Researchers from Delft University of Technology in the Netherlands have created a rewritable data-storage device capable of storing information at the level of single atoms representing single bits of information.
The technology, which is described in the current issue of Nature Nanotechnology, is capable of packing data as dense as 500 terabytes per square inch. Theoretically, the device could store the entire contents of the US Library of Congress within a 0.1-mm-wide cube—though the proof-of-concept demonstrated by the group topped out at 1 kilobyte.
Physicists have been capable of manipulating single atoms for 25 years, but there are several problems that preclude easily implementing atomic-scale memory. For one thing, atoms don't tend to sit still very well given the thermal perturbations found at most reasonable temperatures. And then there is the problem of finding a suitable material and process that allows for the detection and manipulation of the atoms.
Said manipulation is done here using a scanning tunneling microscope (STM), an invaluable tool for imaging and tweaking surfaces at atomic scales. In 1990, physicist Don Eigler famously spelled out the letters "IBM" with 35 xenon atoms via an STM (top), but the Delft group achieves their information storage in sort of an inverse manner. Rather than arranging atoms in various ways, their storage grid is based on atomic vacancies—spaces within a layer where atoms should be.

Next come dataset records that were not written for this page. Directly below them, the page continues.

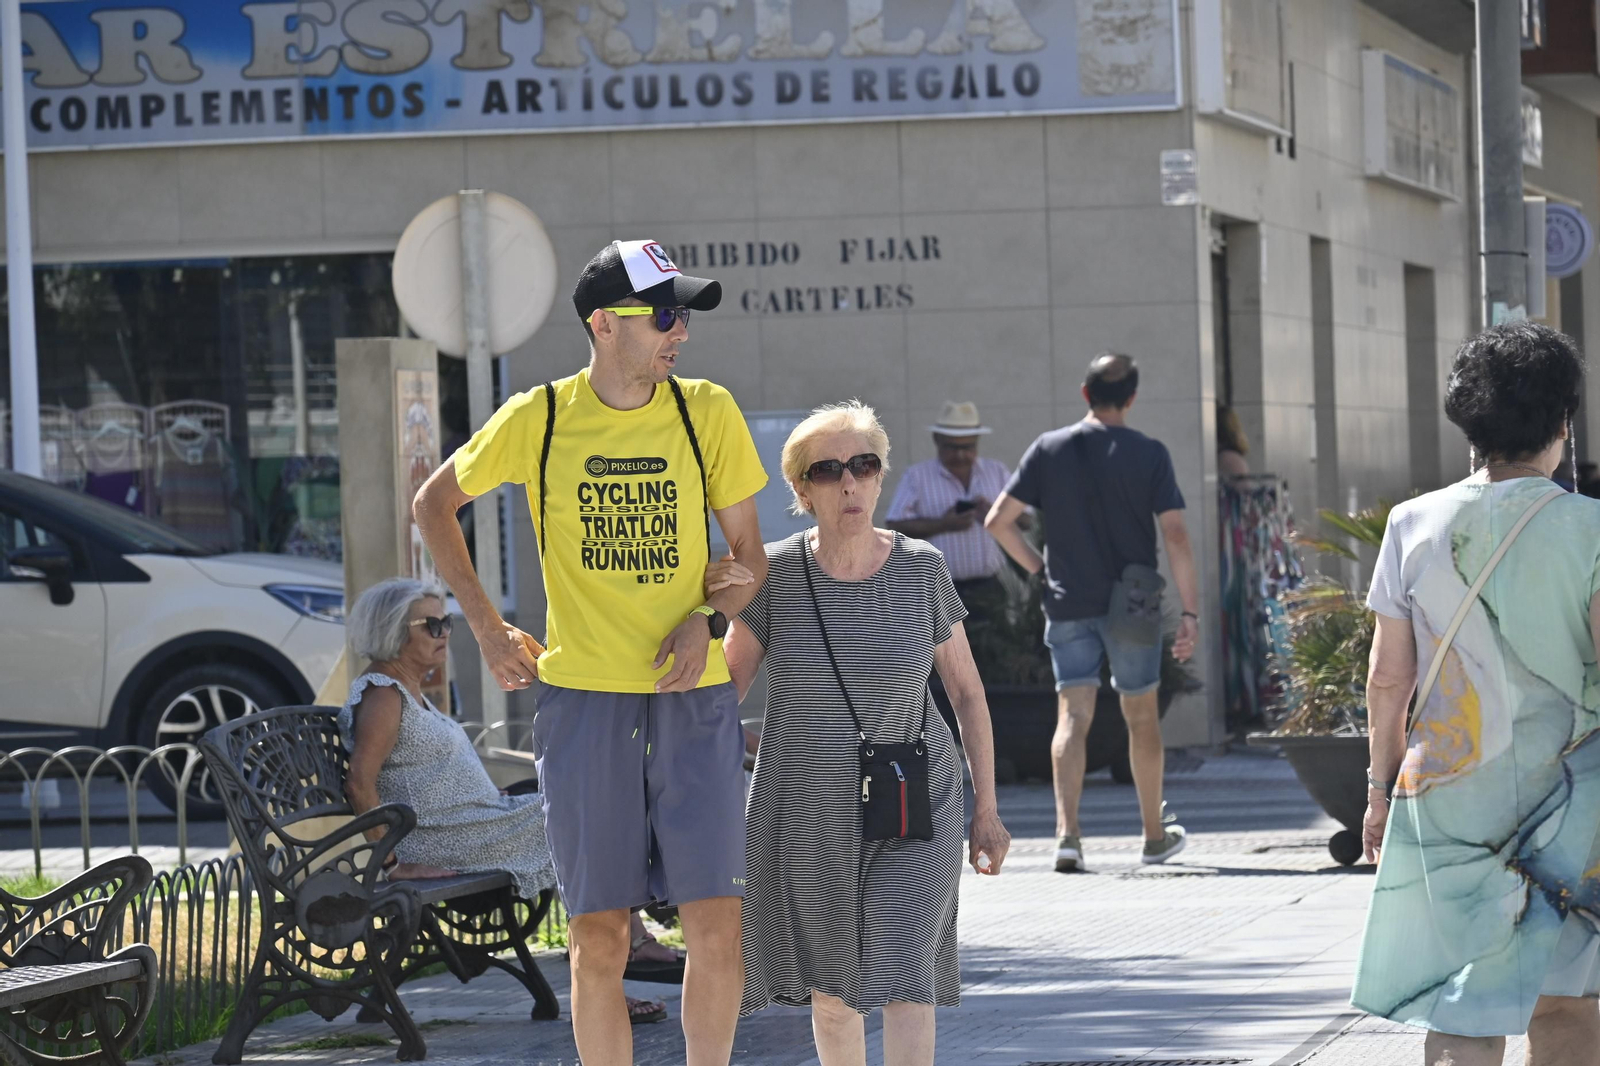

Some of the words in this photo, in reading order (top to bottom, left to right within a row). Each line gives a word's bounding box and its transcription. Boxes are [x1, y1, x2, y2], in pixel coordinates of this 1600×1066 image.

[241, 0, 1046, 80] ESTRELLA
[30, 83, 425, 133] COMPLEMENTOS
[481, 66, 754, 114] ARTÍCULOS
[776, 68, 831, 105] DE
[853, 62, 1042, 102] REGALO
[840, 235, 941, 265] FIJAR
[740, 283, 914, 314] CARTELES
[611, 462, 664, 472] PIXELIO.es
[577, 480, 678, 505] CYCLING
[579, 503, 677, 513] DESIGN
[580, 513, 677, 538] TRIATLON
[581, 539, 677, 548] DESIGN
[581, 546, 679, 571] RUNNING

"The overall layout is a 12 × 12 array of rectangular blocks, each block consisting of a grid of dark spots whose positions vary like the beads on an eight-stringed abacus," explains Steven Erwin, a computational materials scientist at the Naval Research Laboratory, in a Nature commentary. "In contrast to the xenon atoms of 'IBM', these spots are not atoms but rather their absence—that is, vacancies in a layer of chlorine atoms deposited on a copper substrate. The vacancies can be easily and reproducibly manipulated by moving one of the four adjacent atoms using an STM tip."

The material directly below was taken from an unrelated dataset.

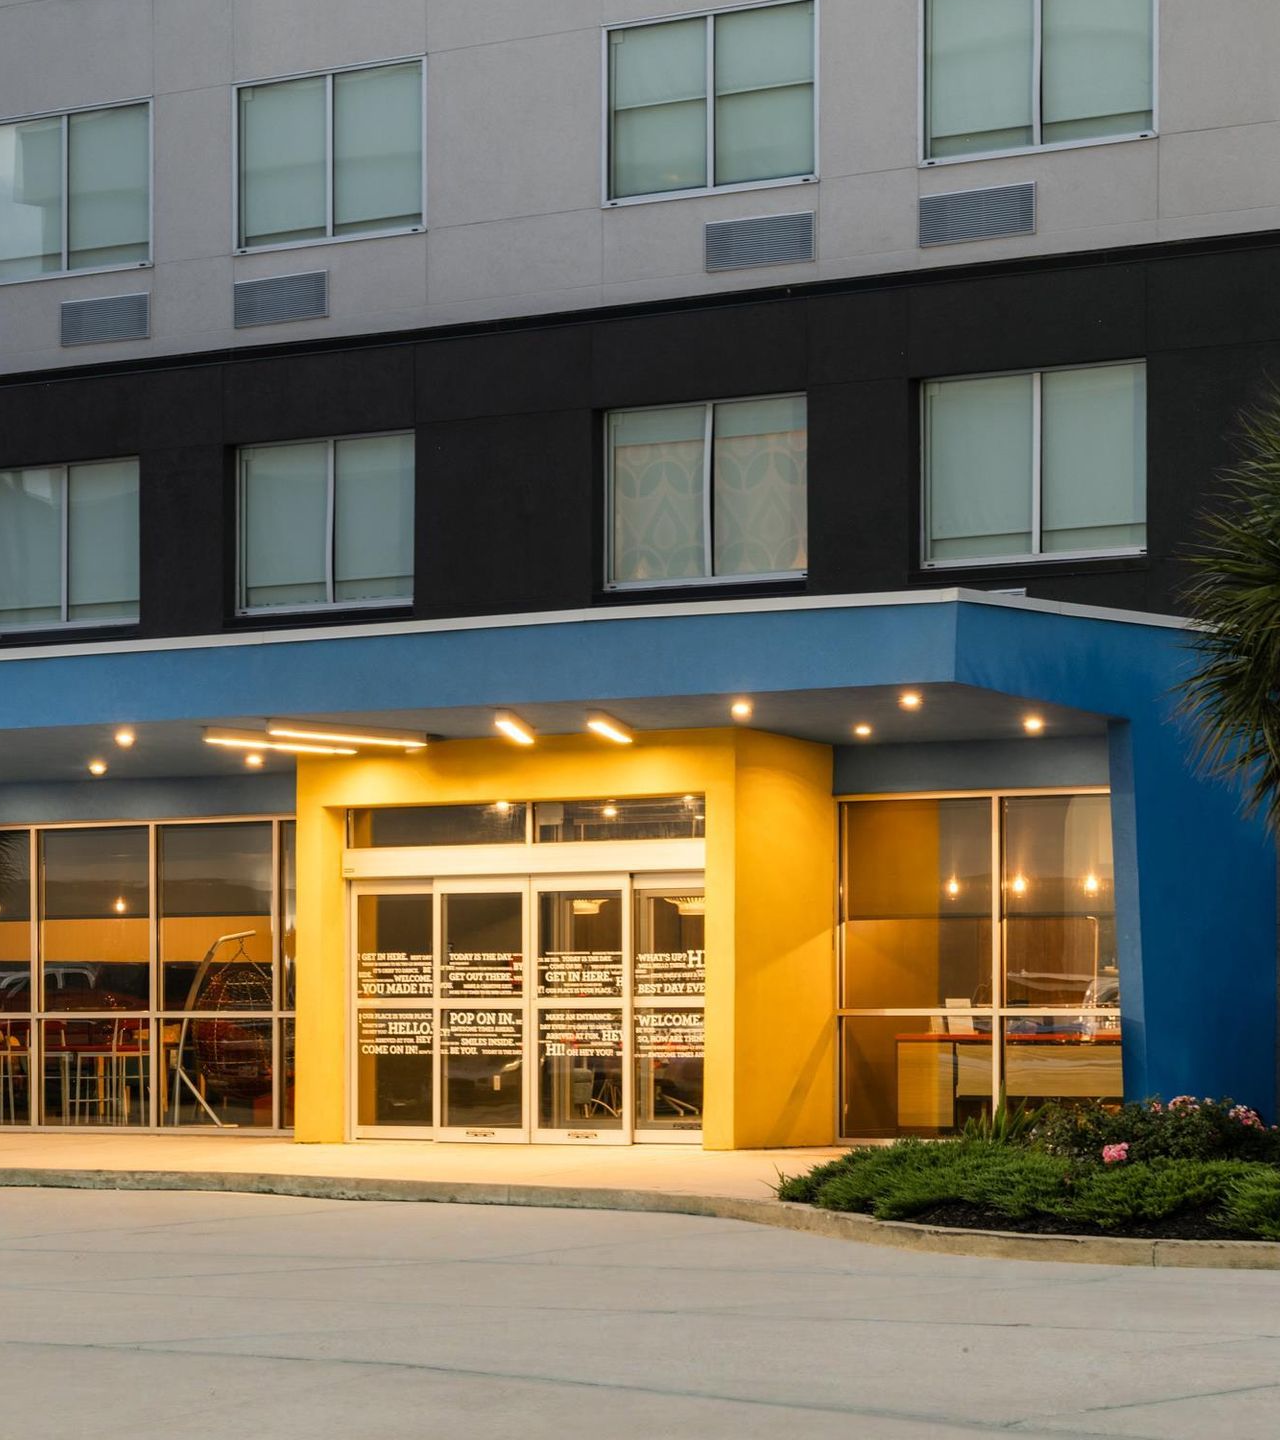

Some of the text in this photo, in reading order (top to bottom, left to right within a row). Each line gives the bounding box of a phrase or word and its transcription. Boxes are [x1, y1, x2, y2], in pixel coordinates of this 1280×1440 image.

The vacancy method has a couple of key advantages. One, because the vacancies are relatively stable, the storage device doesn't have to be kept quite as cold—rather than liquid helium (-210°C), we "only" need liquid nitrogen (-196°C). Two, by scooting around atomic vacancies rather than picking up individual atoms, the physicists were able to achieve better than 99 percent reliability. Moreover, the vacancies can be manipulated in a completely "hands-off" or automated fashion.
"After scanning the area, the positions of all vacancies are determined via image recognition," the Delft paper explains. "Next, a pathfinding algorithm is used to calculate the building sequence, guiding the vacancies to their respective final positions. The markers for adjacent blocks are built automatically as part of the construction, and leftover vacancies are swept to the side to be used in future blocks. Automated construction of a complete block takes on the order of 10 minutes."
Of course, data centers generally cruise at temperatures considerably higher than -196°C. The need for liquid nitrogen is a significant barrier, to say the least. There is also the issue of speed: reading a block of memory takes about 10 minutes. The Delft group notes, however, that given the maximum bandwidth of STM electronics, it should theoretically be possible to boost that to 1 megabit per second.